I didn’t, thankfully. He exited the house in several long strides, knocking over an end table, and shattering a handful of my mom’s beloved knick-knacks on his way out the door.

Vomit. I was seriously going to vomit. Between Zach’s horrible kissing and my mother’s reenactment of last night’s episode of Cops, I wasn’t sure what I should do first: cry, laugh, or puke.

Shaky and out of breath, I settled for sinking down onto the dining room floor. The bat rolled out of my hands, a wooden chair leg halting the sound of metal rolling across wood. I stared at the dust bunnies collecting beneath the table, unable to process everything that had just happened.

I hadn’t even realized my mom had left the room until I heard her screech my name from deep inside the kitchen. “Where the hell is the vodka, Tierra? You and that bourgee friend of yours better not have sucked down the last of it. I need a drink!”

“And here we go,” I whispered to no one in particular as I pulled myself off the floor.

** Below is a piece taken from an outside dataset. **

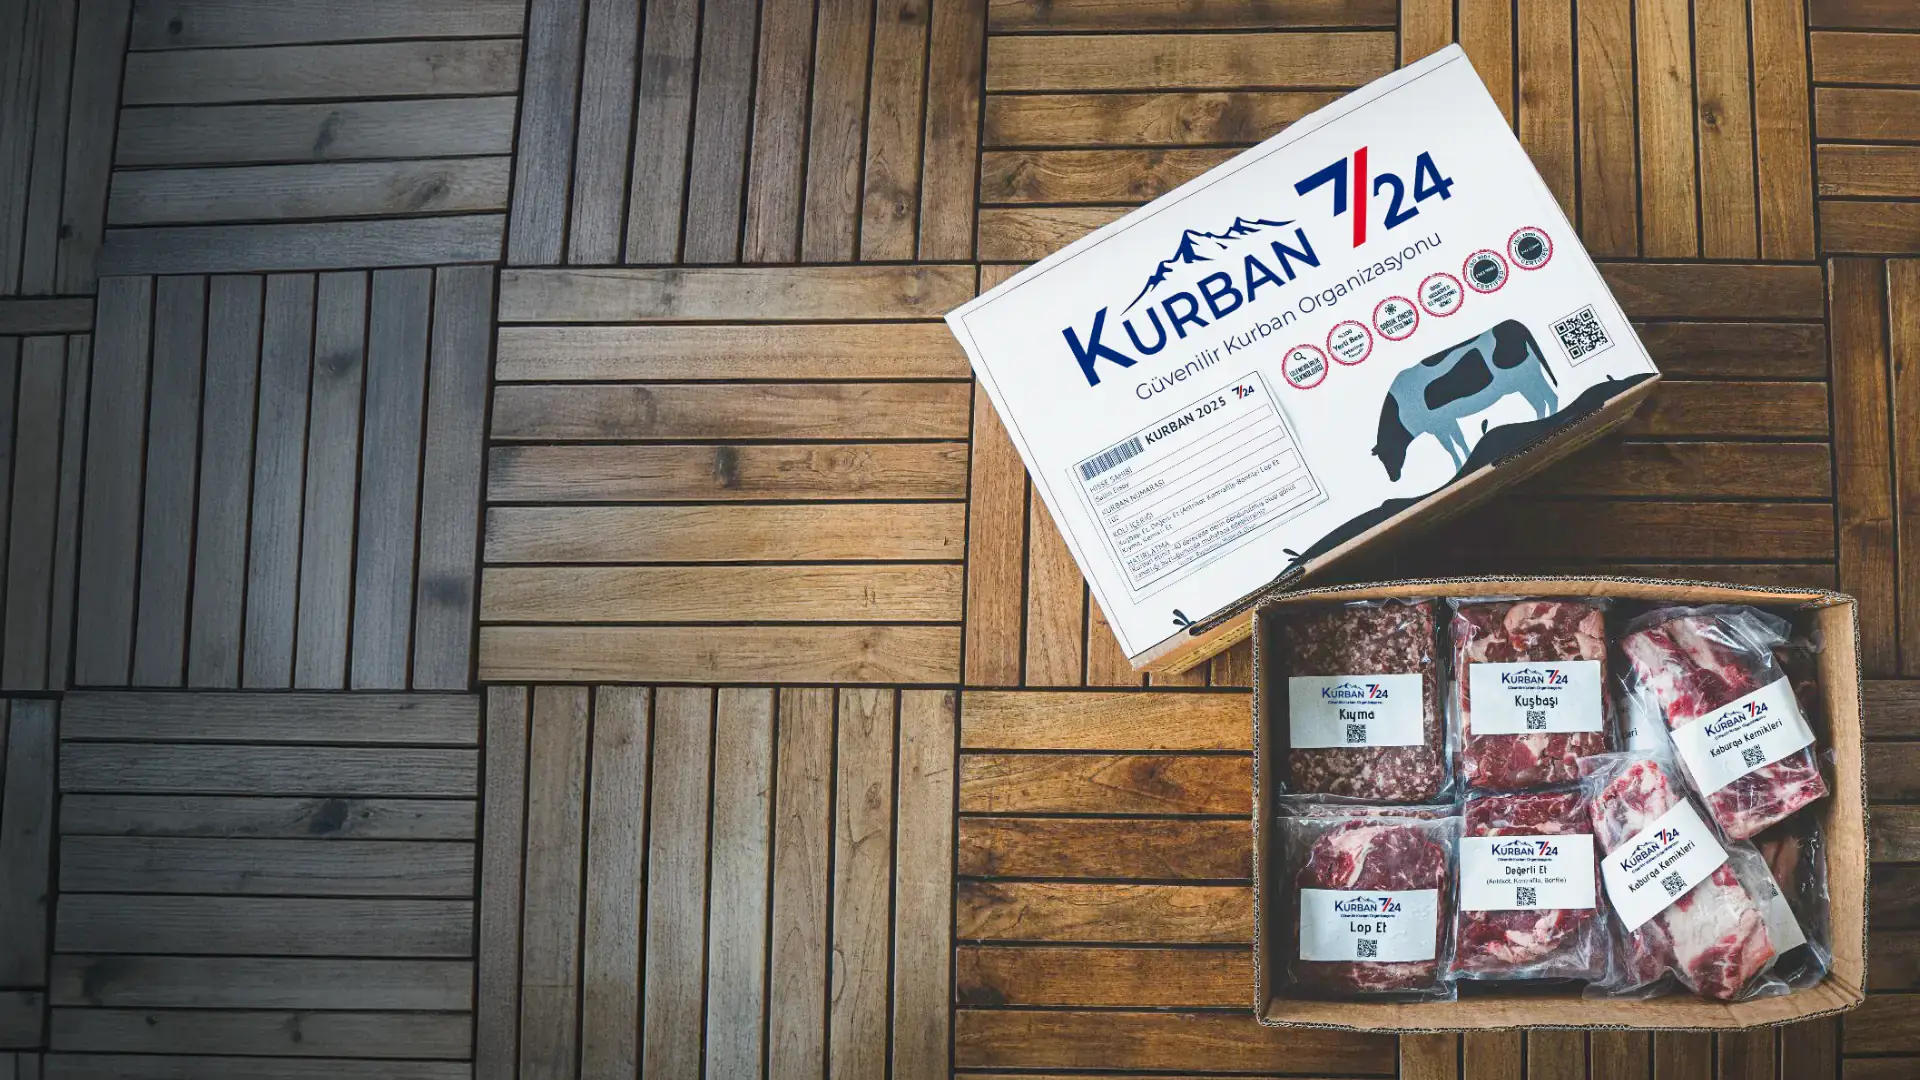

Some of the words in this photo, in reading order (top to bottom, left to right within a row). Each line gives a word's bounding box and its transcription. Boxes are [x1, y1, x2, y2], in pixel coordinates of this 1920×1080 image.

Body still thrumming with leftover adrenaline, I felt like I was floating as I made my way into the kitchen. “Bourgee, mom? Been hittin’ up the Online Slang Dictionary again? Tryin’ out the new lingo?”

Fingers flexed around the bottom corner of a dark brown cabinet door that had seen better days, she turned her focus from her panicked search for booze and leveled me with a hate-filled stare. “Don’t be a bitch, Tierra.” She slammed the cupboard door shut and jabbed a finger toward the dining room. “What happened in there … It was all your fault, little girl.”

“My fault?” I lumbered into the kitchen, placed my hands on the cool tile covering the center island, and leaned forward with a frown. “I fail to see how that has anything to do with me. I didn’t force you to date a slimeball parolee.” I raised a brow, cocked my head to the side, and pursed my lips. “You chose that gem all on your own.”

The skin between her eyes bunched up like a pack of hot dogs. She thrust her finger at me and shook her head. “So high and mighty you are. Thinkin’ you’re better than everybody else. You make me sick. Once people see past that face of yours they’ll recognize you for what you are: trash. Your rich little BFF is just too shallow and self-centered to see it. But everyone else? They see what I see: garbage.”

My hand balled into a fist, my knee-jerk reaction the only outward sign of my distress. She laid it all out on the line, cut me down with her favorite spare-no-feelings, go-for-the-jugular truth. She thought I was garbage, and for one brief moment, I felt like one of her empty vodka bottles. Hollow. Void of the essential substance that gave it purpose, a reason for being.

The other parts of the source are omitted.